Of course, a ruling saying just that, from the highest court in the land, brings with it “a certain level of validation,” he says, but adds that “when this happened, I was like, ‘Nobody's going to take my hard work and success away from me — especially because it impacted so many children in that community. I wasn't going to let anybody, especially Clayton County, take that away from me.” His next priority, he says, is to continue legal action against the county, now that the path has been cleared.
For Bostock, who says he came out late in life, becoming an LGBTQ justice warrior was something he couldn’t have seen coming. Though once out, he was always honest about who he is.
“I didn't come out as a young child, not a high school student, not even still in college. I was a young adult when I was going through that process,” he shares. “But then and now I don't lead a secret life. People who know me, they know I'm gay, they know I’m in a relationship with a wonderful man… I may not carry the rainbow flag down the work hallway, but I don't hide my true self, and I am respectful to others. That's who I am, and anybody that knows me knows that to be true.”
He wound up joining the Hotlanta softball league, he says, because he had just finished treatment for prostate cancer, and thought that athletics would be empowering. “I wanted to prove to myself, at that time that I was still going through cancer, that I could still do it, mentally and emotionally. And I don’t regret that decision one bit. And, in fact, I don’t regret any decision I’ve made since that day I had to walk out of Clayton County Juvenile Court.”
For Bostock and his partner — whom he met right around the time of being fired — going through this long legal fight together has brought them closer, he says. They were together at home Monday morning, logging on to work remotely and watching the SCOTUS blog, as has become their routine, when they first heard the news.

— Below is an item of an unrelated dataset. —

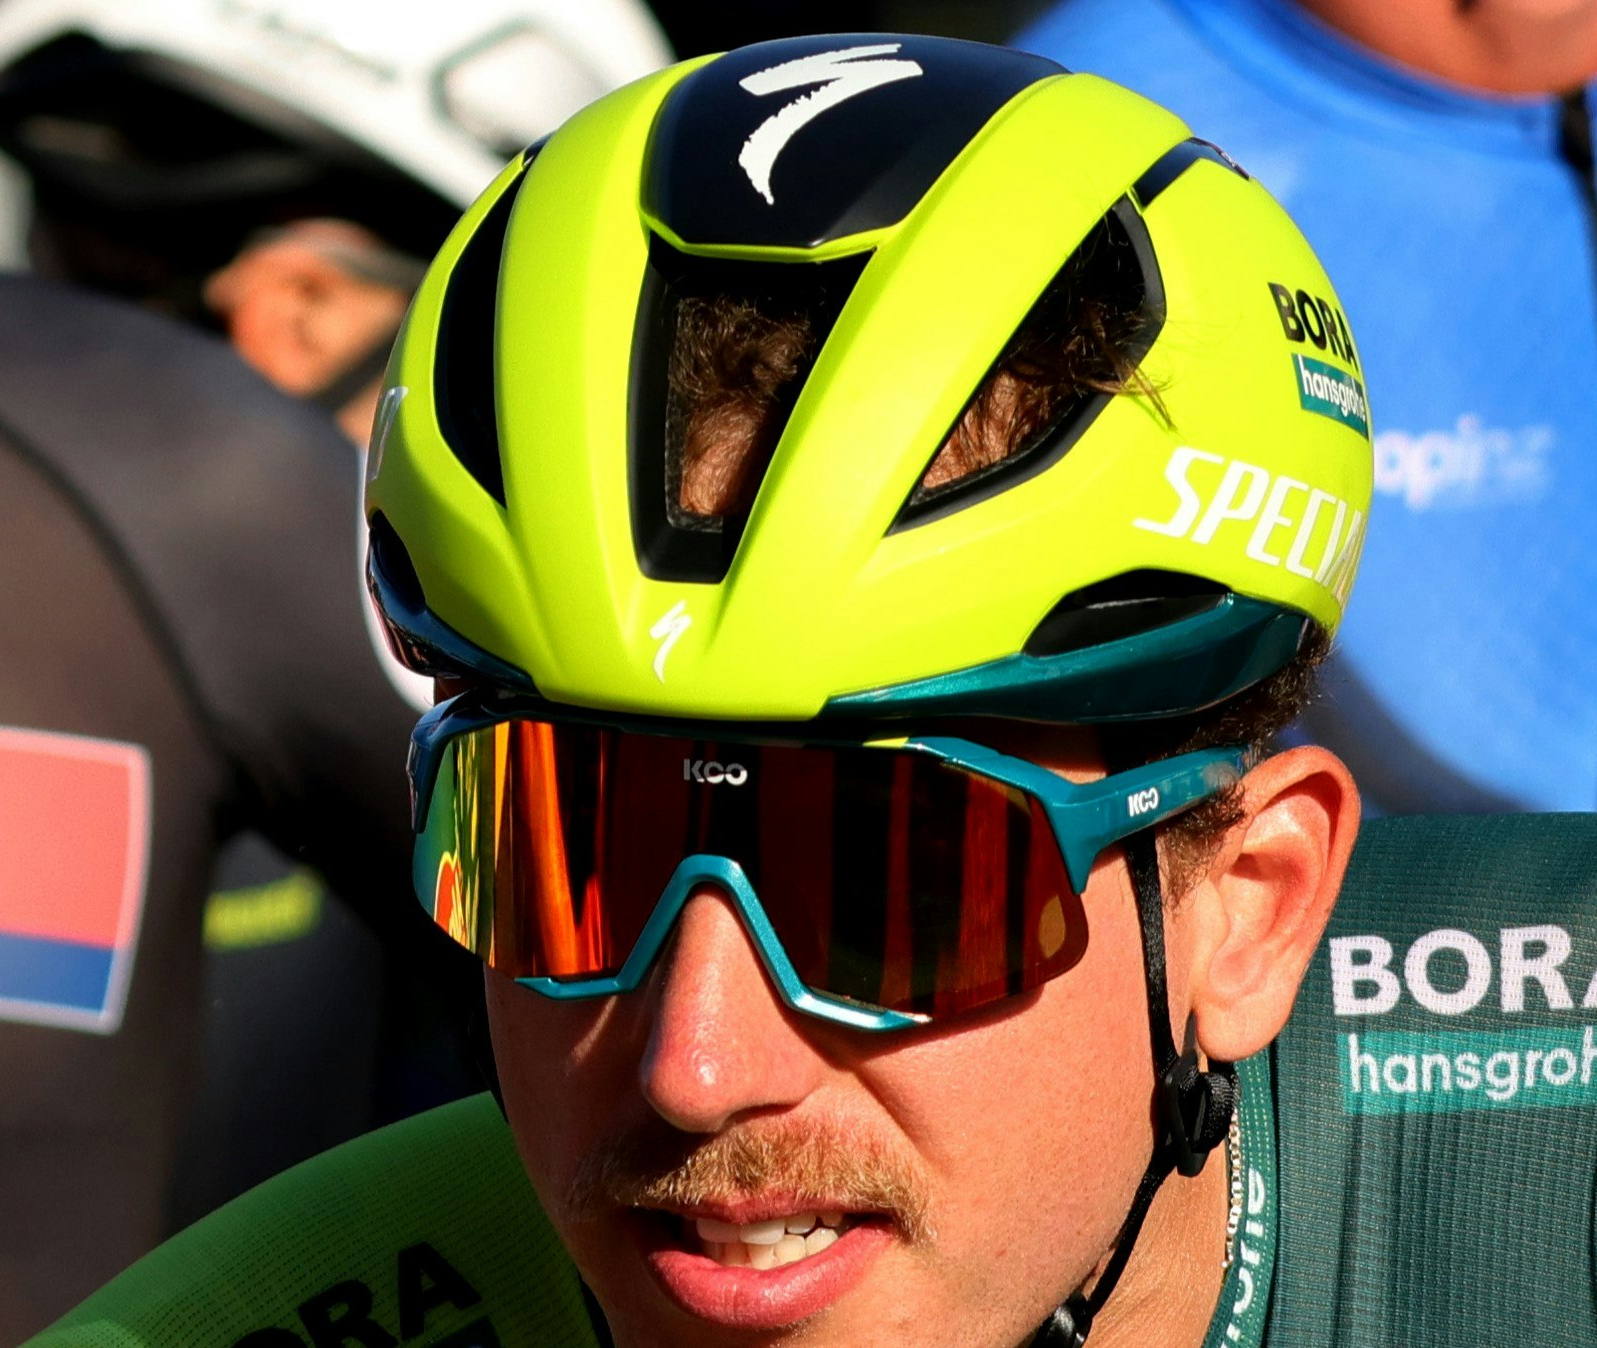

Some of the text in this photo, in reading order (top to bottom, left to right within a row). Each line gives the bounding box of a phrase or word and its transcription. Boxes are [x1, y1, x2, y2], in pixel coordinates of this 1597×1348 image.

[1268, 281, 1360, 373] BORA
[683, 758, 748, 786] KOO
[1128, 787, 1159, 818] KOO

“Shortly after 10 o’clock, someone posted on the blog that they were about to announce Bostock vs. Clayton County. And I think my heart stopped for a brief moment there,” he says, recalling that the blog crashed for a bit, as the opinion was 172 pages long. Finally, someone was able to post part of the first page, he recalls, “And when I read the first few words, my partner and I looked at each other and we were like, Oh my gosh, we did this. We won. There was a brief moment of yelling and screaming and hugging and having that celebratory moment with my partner.”
He adds, “I'm extremely overwhelmed and thrilled, and my heart is just full of gratitude.”

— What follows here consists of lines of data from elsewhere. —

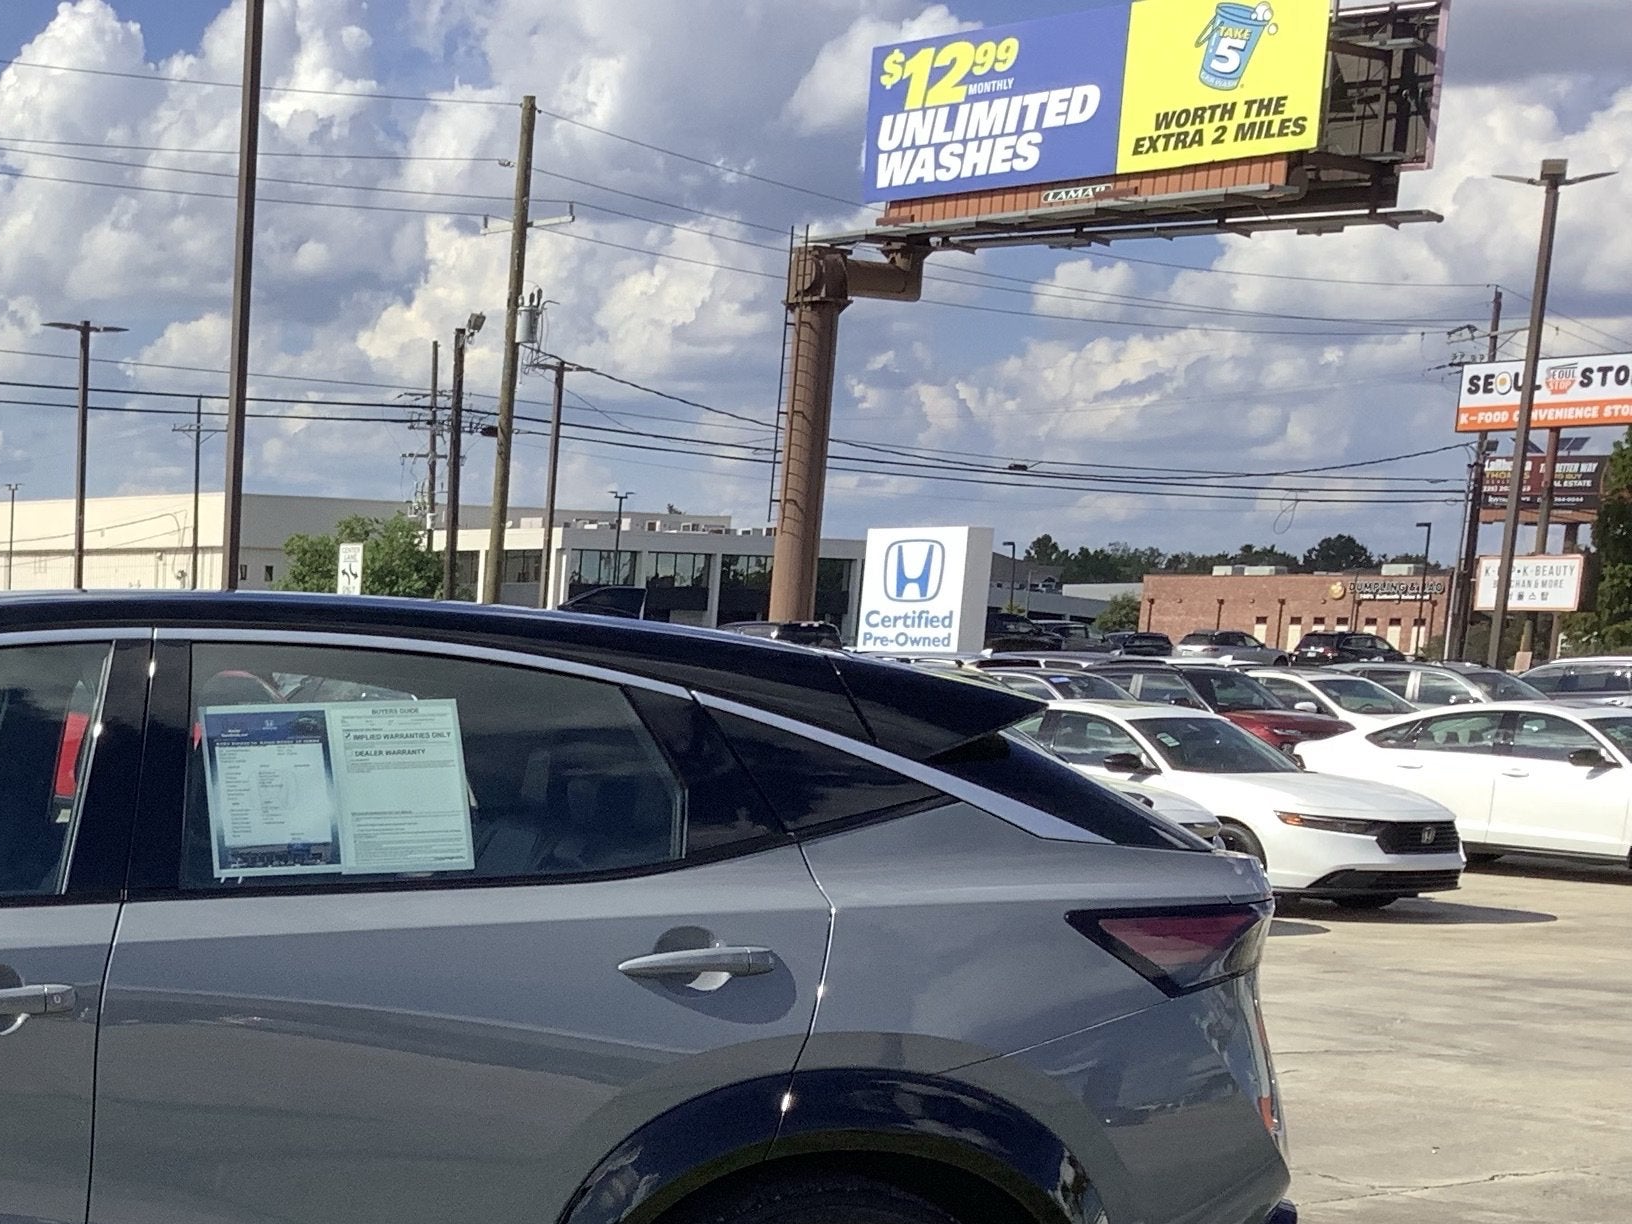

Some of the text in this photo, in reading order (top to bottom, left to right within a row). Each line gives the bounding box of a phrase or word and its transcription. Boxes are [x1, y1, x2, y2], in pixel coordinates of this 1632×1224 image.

[1218, 26, 1252, 41] TAKE
[1210, 37, 1247, 73] 5
[968, 77, 1014, 96] MONTHLY
[877, 84, 1101, 152] UNLIMITED
[1154, 95, 1288, 131] WORTH THE
[1132, 116, 1308, 156] EXTRA 2 MILES
[876, 131, 1043, 189] WASHES
[1467, 371, 1542, 395] SEOU
[1579, 365, 1632, 388] STO
[1460, 404, 1632, 425] K-FOOD CNVENIENCE STO
[1486, 472, 1530, 480] THOS
[1563, 480, 1592, 488] ESTATE
[1349, 583, 1406, 592] DUMPLING
[1493, 579, 1532, 589] BCHAN
[1541, 579, 1564, 588] MORE
[865, 610, 954, 628] Certified
[863, 632, 951, 647] Pre-Owned
[383, 732, 430, 740] WARRANTIES
[432, 731, 451, 739] ONLY
[385, 748, 426, 756] WARRANTY

The idea that he is someone who has forever altered the course of history when it comes to having expanded LGBTQ rights — just like Edie Windsor and John Lawrence and Jim Obergefell before him — is one Bostock is still wrapping his head around.

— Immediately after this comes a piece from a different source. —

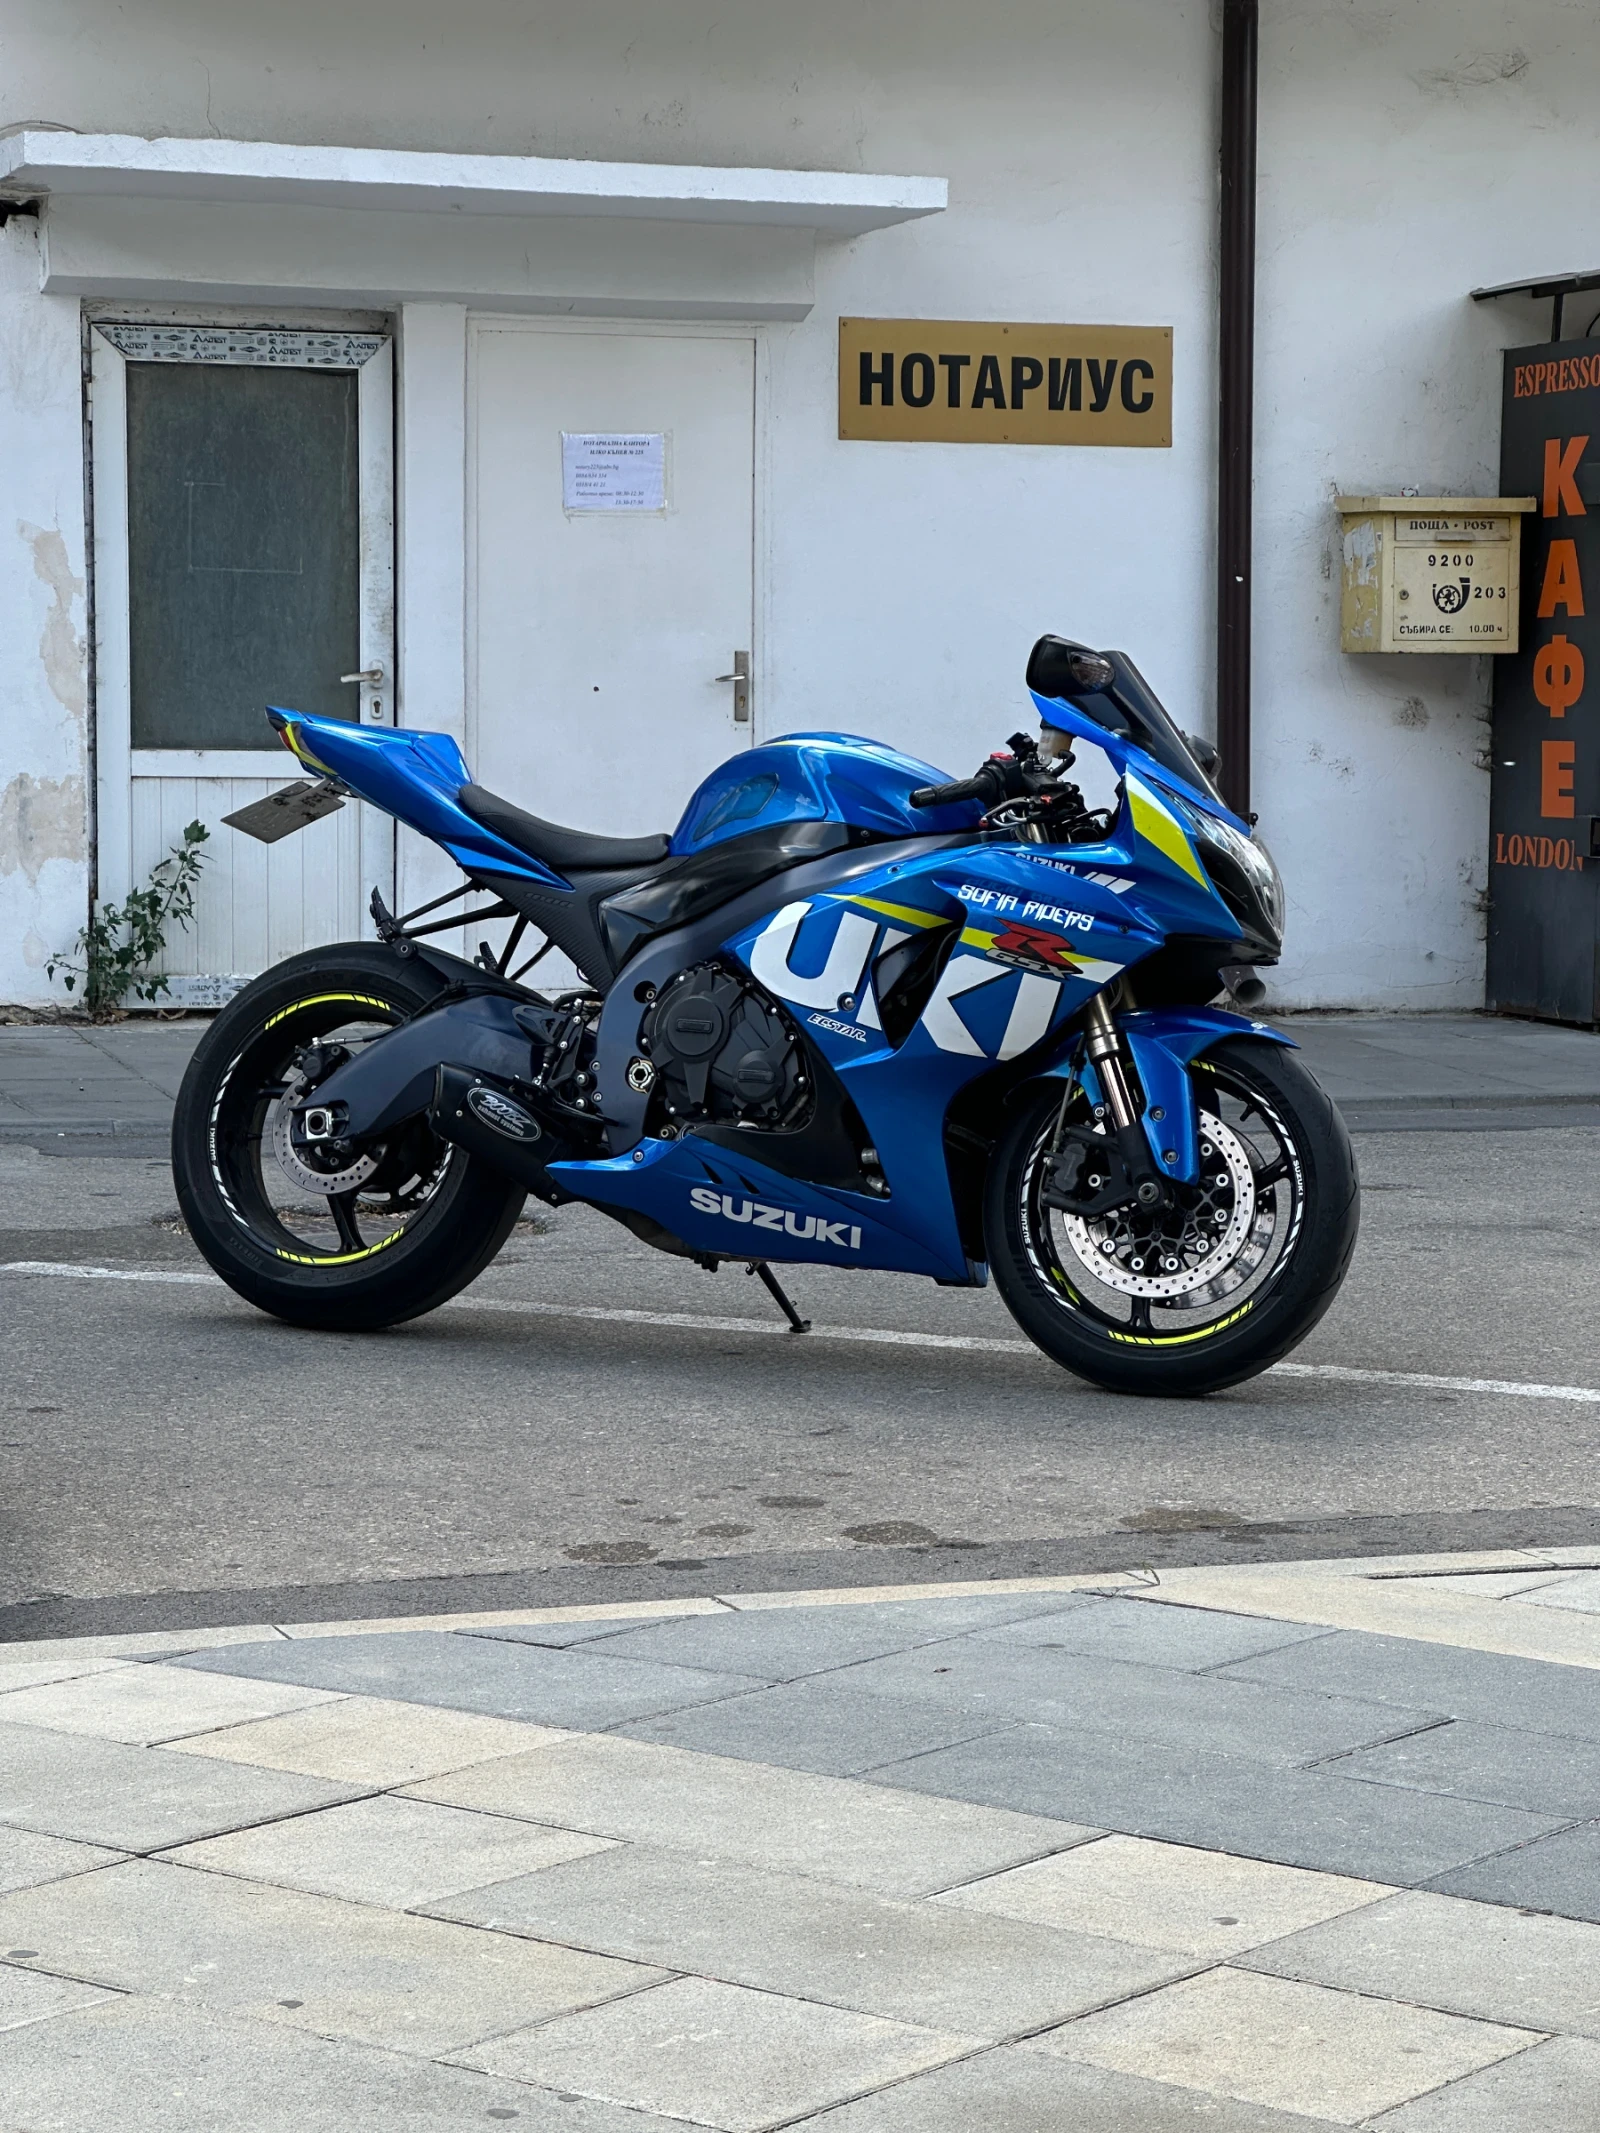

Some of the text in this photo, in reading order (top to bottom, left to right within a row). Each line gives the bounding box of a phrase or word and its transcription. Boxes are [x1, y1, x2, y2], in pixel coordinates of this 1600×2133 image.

“Let me make this clear: I didn’t ask for any of this. And gosh, if someone would have told me seven years ago that I’d be sitting here talking with you today, I would’ve laughed. I never realized that my life would be turned upside down after I made this decision to join a gay recreational softball league, and making that decision has impacted every part of my life…And, you know, I'm just a regular guy that wanted to go to a job he loved and a job he was good at.”
Now Bostock works at a local hospital as mental health advocate — something truly needed now, amidst this country’s concurrent crises of a pandemic and racial strife, as is the positivity of this ruling, say many.
“I think this decision came at such a vital time for all of us… and my hope is that this victory will at least shine a little bit of sunshine on these dark days that we've had,” he says. “I think the clear message that was sent out by the justices has laid the groundwork… and there's so much more work that needs to be done. We will continue our fight for equality, because there's absolutely no room in this world for any type of discrimination or racism. So, I'm very proud of having a small role in getting us to this historic moment.”